To configure the OGASBreeder, you typically instantiate it with a dictionary or parameters mapping to an ExperimentConfig, which is composed of three main parts:

  • breeder (BreederConfig): Controls the core breeding strategy.

    • start_breed_ratio to end_breed_ratio and breakpoint dictate the fraction of bred samples over generations.
    • loss_sampling_strategy ("proportional" or "uniform_quantile") determines how the DDPM is conditioned for generating parameters on high target losses.
    • learn_sampling_ratio: when True, enables history bias mitigation via a RatioMLP.
  • model (DDPMConfig): Controls the diffusion model architecture and training (model_dim, timesteps, lr, etc.).

  • data (DataConfig): Governs the dynamically updated FIFO reservoir buffer that feeds the DDPM (buffer_size, batch_size).

Implementation Details

  • Continuous DDPM Training: A fast Denoising Diffusion Probabilistic Model (DDPM) is continuously trained asynchronously alongside the main surrogate model on an internal background thread utilizing DataConfig components. The model captures the evolving conditional distribution of parameters given the training signal (current loss/difficulty).

  • Targeted Generation: During generation breaks (next_parameters), the main thread coordinates with the DDPM by determining target losses and calling model.generate().

  • Loss Conditioning: Sampling is heavily weighted toward high-loss regimes utilizing strategies like proportional (scaling randomly based on the highest observed loss difference) or uniform_quantile (sampling uniformly from losses greater than a given percentage threshold).

  • History Bias Mitigation: A classifier-based density-ratio estimator (RatioMLP) determines sample weights (w) inside the DataLoader batch to correct historical bias toward repeatedly sampled parameter ranges without needing expensive uniform re-evaluations.

  • OOB Resampling: Generated candidate parameters that fall out-of-bounds are recompiled or clipped automatically directly by the generative scheme in a multi-attempt loop.

melissa.server.deep_learning.active_sampling.breeder.ogas_breeder.OGASBreeder

Bases: BreederPlottingMixin, ExperimentBreeder

Online Generative Active Sampling breeder for simulation parameters.

Uses a DDPM (Denoising Diffusion Probabilistic Model) to propose new parameters conditioned on target loss values.
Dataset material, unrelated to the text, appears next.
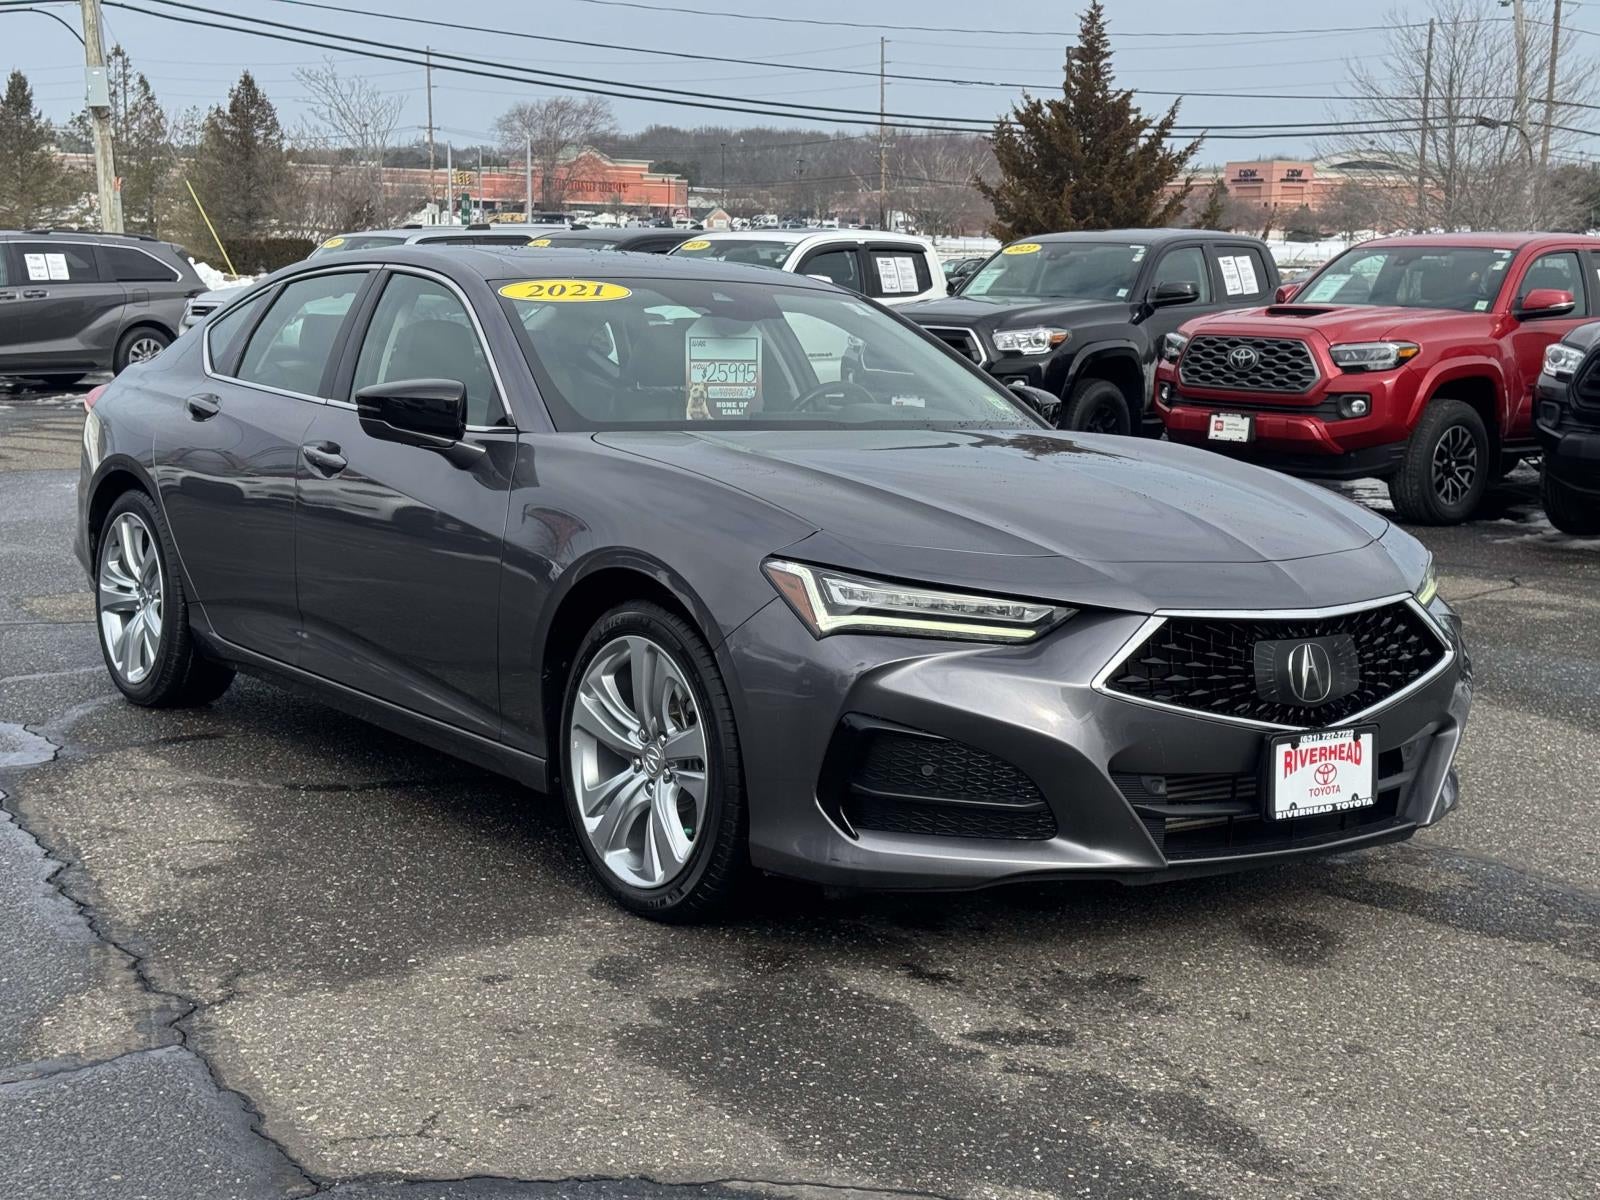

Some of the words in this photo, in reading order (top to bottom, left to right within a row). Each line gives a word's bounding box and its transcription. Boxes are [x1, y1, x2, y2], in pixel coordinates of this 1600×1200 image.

The model is trained continuously on incoming simulation data.

The breeder's behavior is entirely driven by the ExperimentConfig object, including data processing, model architecture, and training strategy.

Attributes:

Name Type Description
config

ExperimentConfig with all settings.

device

PyTorch device for computation.

model

The DDPM model instance.

history

HistoryManager for tracking simulation data.

R

Current breeding ratio (proportion of bred vs random samples).

Initialize the OGASBreeder.

Parameters:

Name Type Description Default
**kwargs

Configuration parameters that will be parsed into an ExperimentConfig dataclass.

{}

train_sampler()

Public method to trigger training.

next_parameters(max_breeding_count=-1, **kwargs)

Generates the next set of parameters for a new generation of simulations.

concretize_resampled_parameters(last_submitted_sim_id, **kwargs)

Concretizes the current metadata and parameters with newly bred child metadata for the future (unsubmitted) simulations.

checkpoint_state()

Saves the complete state of the breeder and its components.

restart_from_checkpoint()

Restores the state from the last checkpoint.